------ Records provided
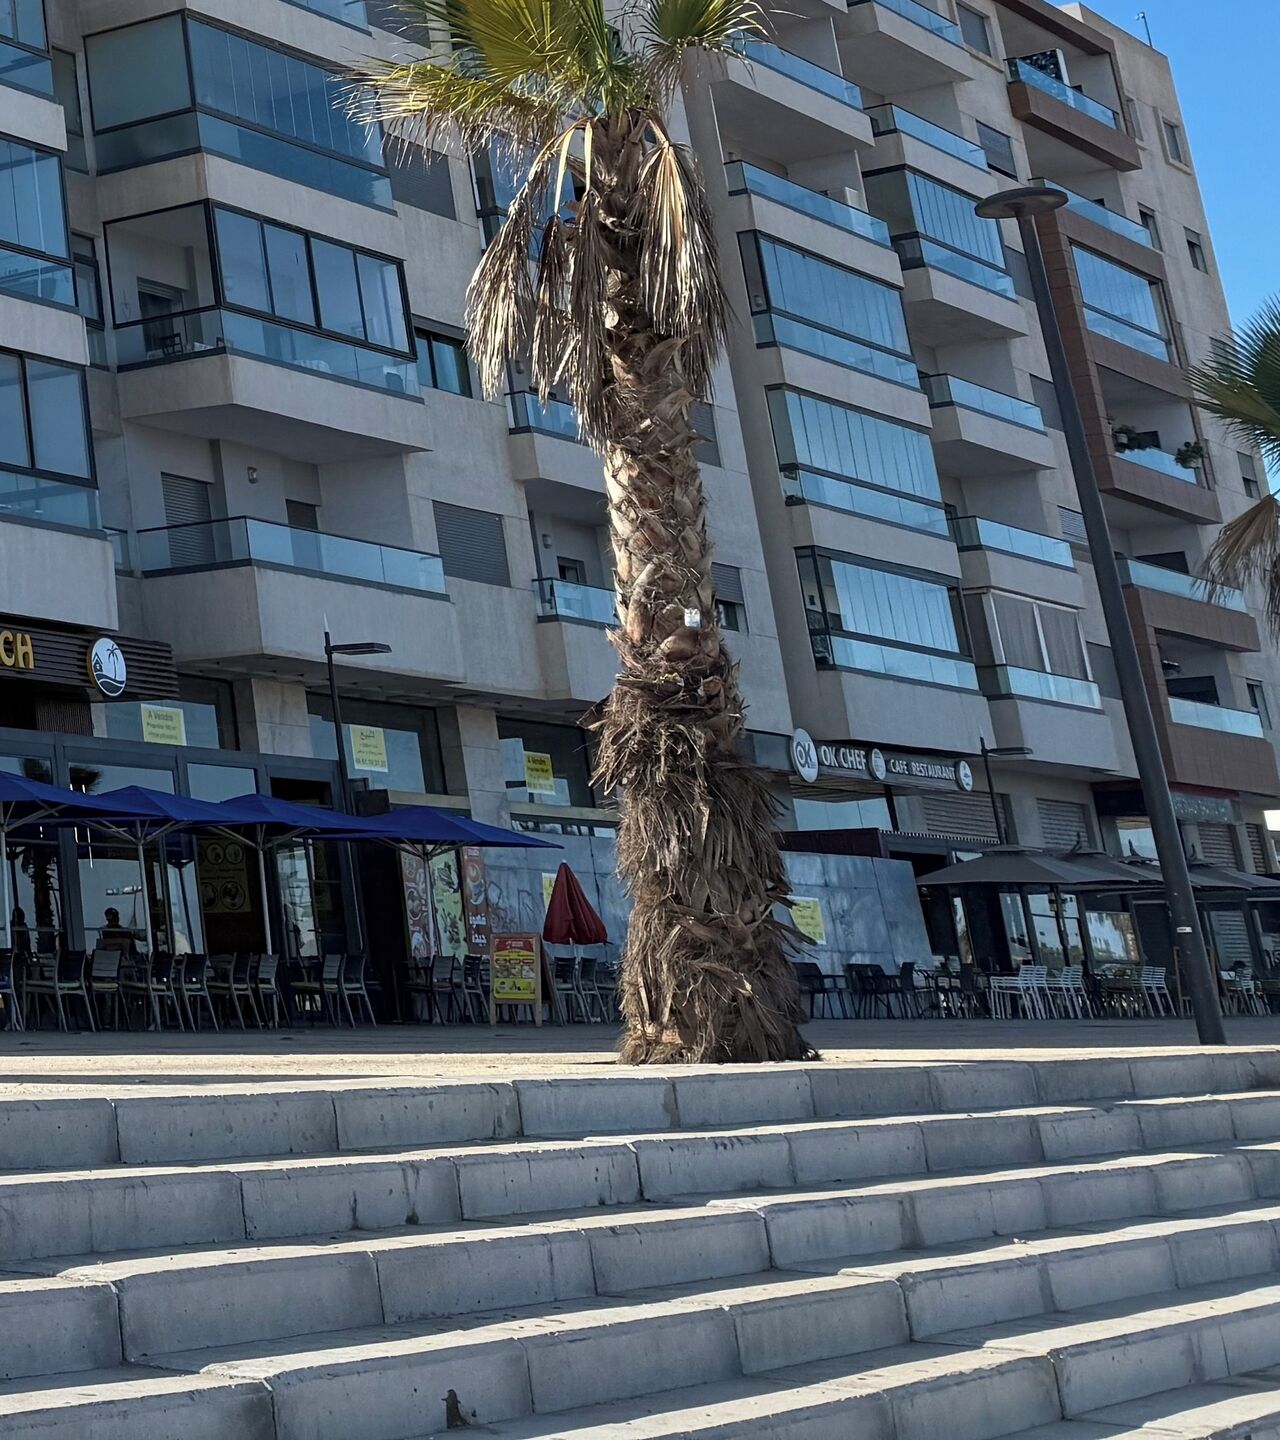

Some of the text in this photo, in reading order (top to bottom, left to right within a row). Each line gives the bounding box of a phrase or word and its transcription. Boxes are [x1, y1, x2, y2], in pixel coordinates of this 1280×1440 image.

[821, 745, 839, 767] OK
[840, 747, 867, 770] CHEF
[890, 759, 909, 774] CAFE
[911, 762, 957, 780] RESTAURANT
------------
Directions for this task
Each entry gets copied exactly; the pictures stay out.

Your response
Some of the text in this photo, in reading order (top to bottom, left to right within a row). Each line gives the bounding box of a phrase or word and its transcription. Boxes are [x1, y1, x2, y2], in pixel coordinates of this 1280×1440 image.

[821, 745, 839, 767] OK
[840, 747, 867, 770] CHEF
[890, 759, 909, 774] CAFE
[911, 762, 957, 780] RESTAURANT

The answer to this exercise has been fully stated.